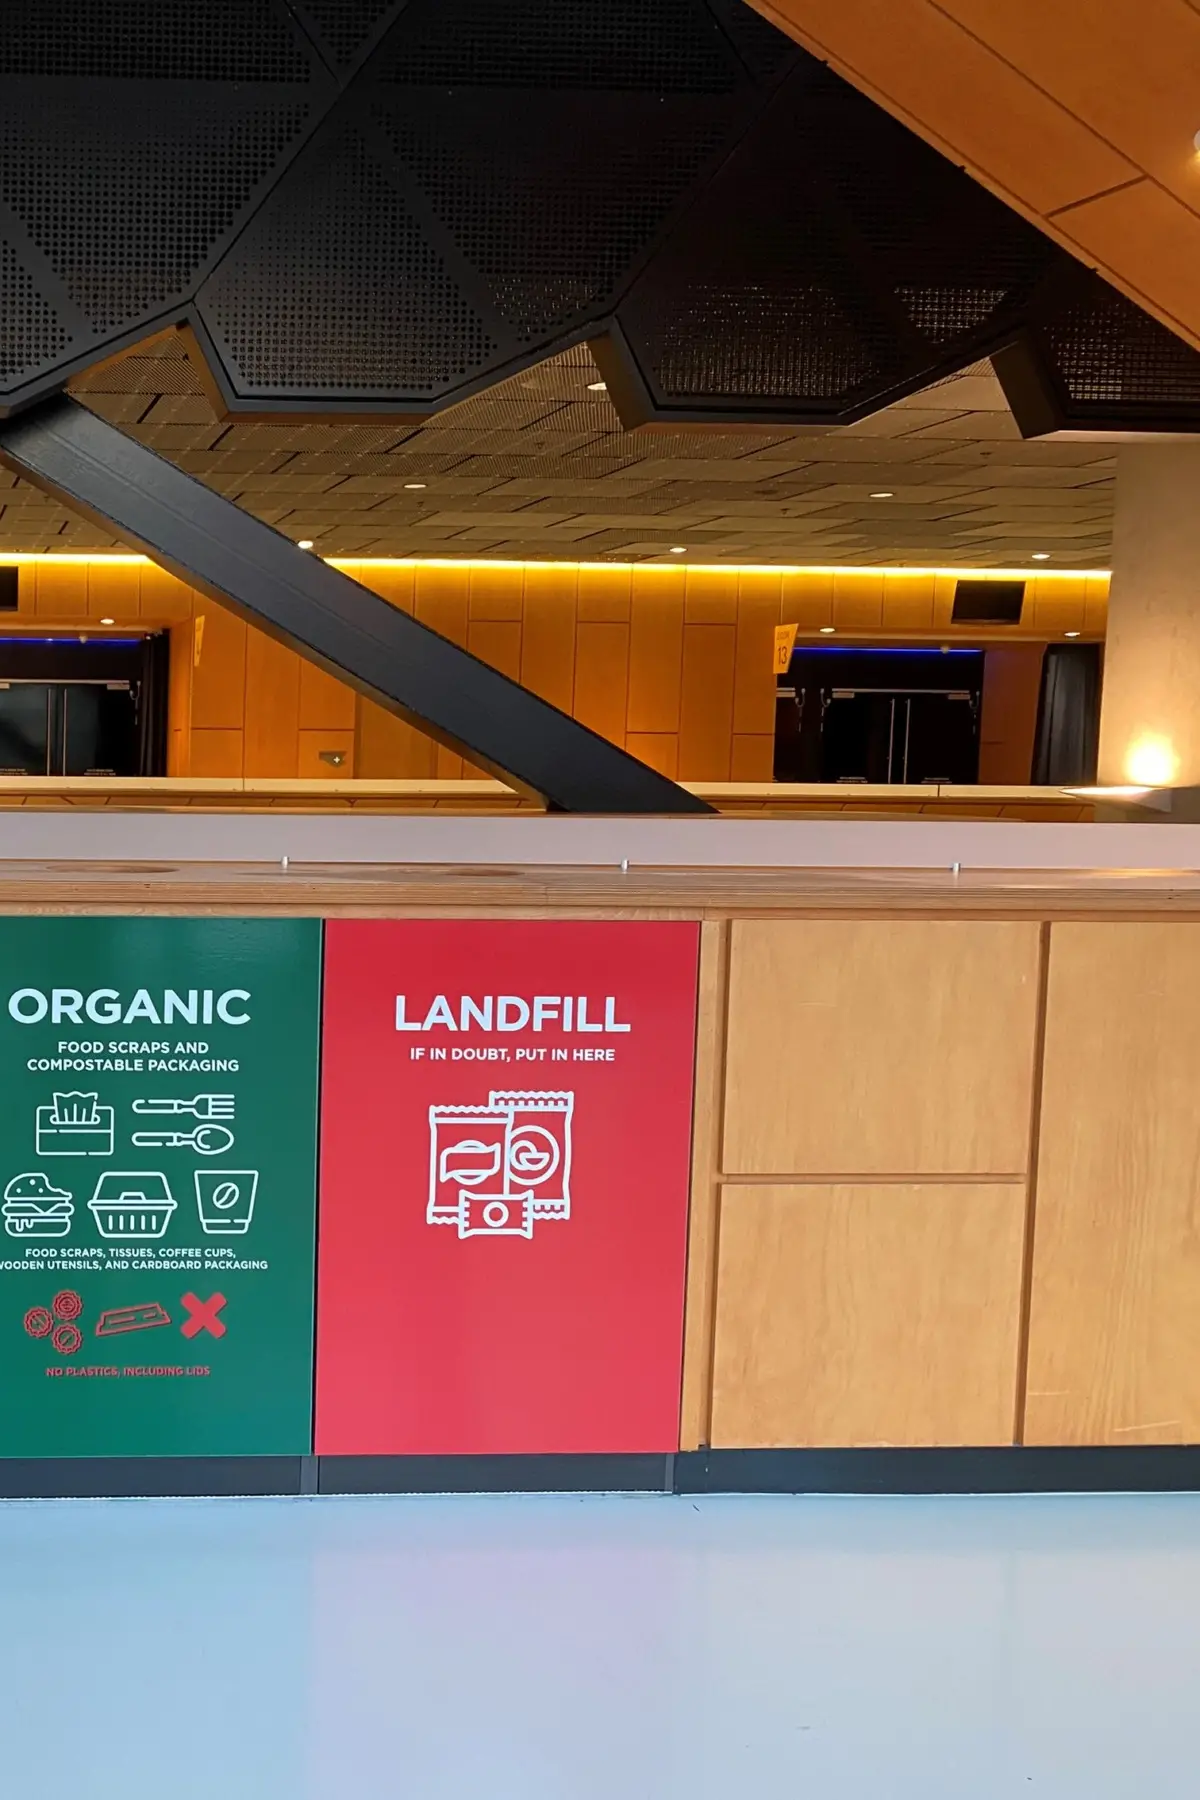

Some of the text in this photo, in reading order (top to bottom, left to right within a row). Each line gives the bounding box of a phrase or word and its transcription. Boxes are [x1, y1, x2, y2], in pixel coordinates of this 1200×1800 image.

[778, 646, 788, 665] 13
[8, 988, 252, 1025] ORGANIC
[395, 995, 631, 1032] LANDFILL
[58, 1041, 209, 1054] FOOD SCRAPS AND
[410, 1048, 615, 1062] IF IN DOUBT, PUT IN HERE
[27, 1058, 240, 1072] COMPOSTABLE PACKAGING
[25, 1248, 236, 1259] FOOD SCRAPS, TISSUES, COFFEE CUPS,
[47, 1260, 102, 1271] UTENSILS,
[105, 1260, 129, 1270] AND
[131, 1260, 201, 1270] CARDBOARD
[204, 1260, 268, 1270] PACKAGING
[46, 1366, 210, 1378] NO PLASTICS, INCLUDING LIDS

□ □ □ □ □ □ □

WHAT IS REQUIRED
If the listing above includes images, copy every line of it exactly except those images.

REPLY TO THE TASK
Some of the text in this photo, in reading order (top to bottom, left to right within a row). Each line gives the bounding box of a phrase or word and its transcription. Boxes are [x1, y1, x2, y2], in pixel coordinates of this 1200×1800 image.

[778, 646, 788, 665] 13
[8, 988, 252, 1025] ORGANIC
[395, 995, 631, 1032] LANDFILL
[58, 1041, 209, 1054] FOOD SCRAPS AND
[410, 1048, 615, 1062] IF IN DOUBT, PUT IN HERE
[27, 1058, 240, 1072] COMPOSTABLE PACKAGING
[25, 1248, 236, 1259] FOOD SCRAPS, TISSUES, COFFEE CUPS,
[47, 1260, 102, 1271] UTENSILS,
[105, 1260, 129, 1270] AND
[131, 1260, 201, 1270] CARDBOARD
[204, 1260, 268, 1270] PACKAGING
[46, 1366, 210, 1378] NO PLASTICS, INCLUDING LIDS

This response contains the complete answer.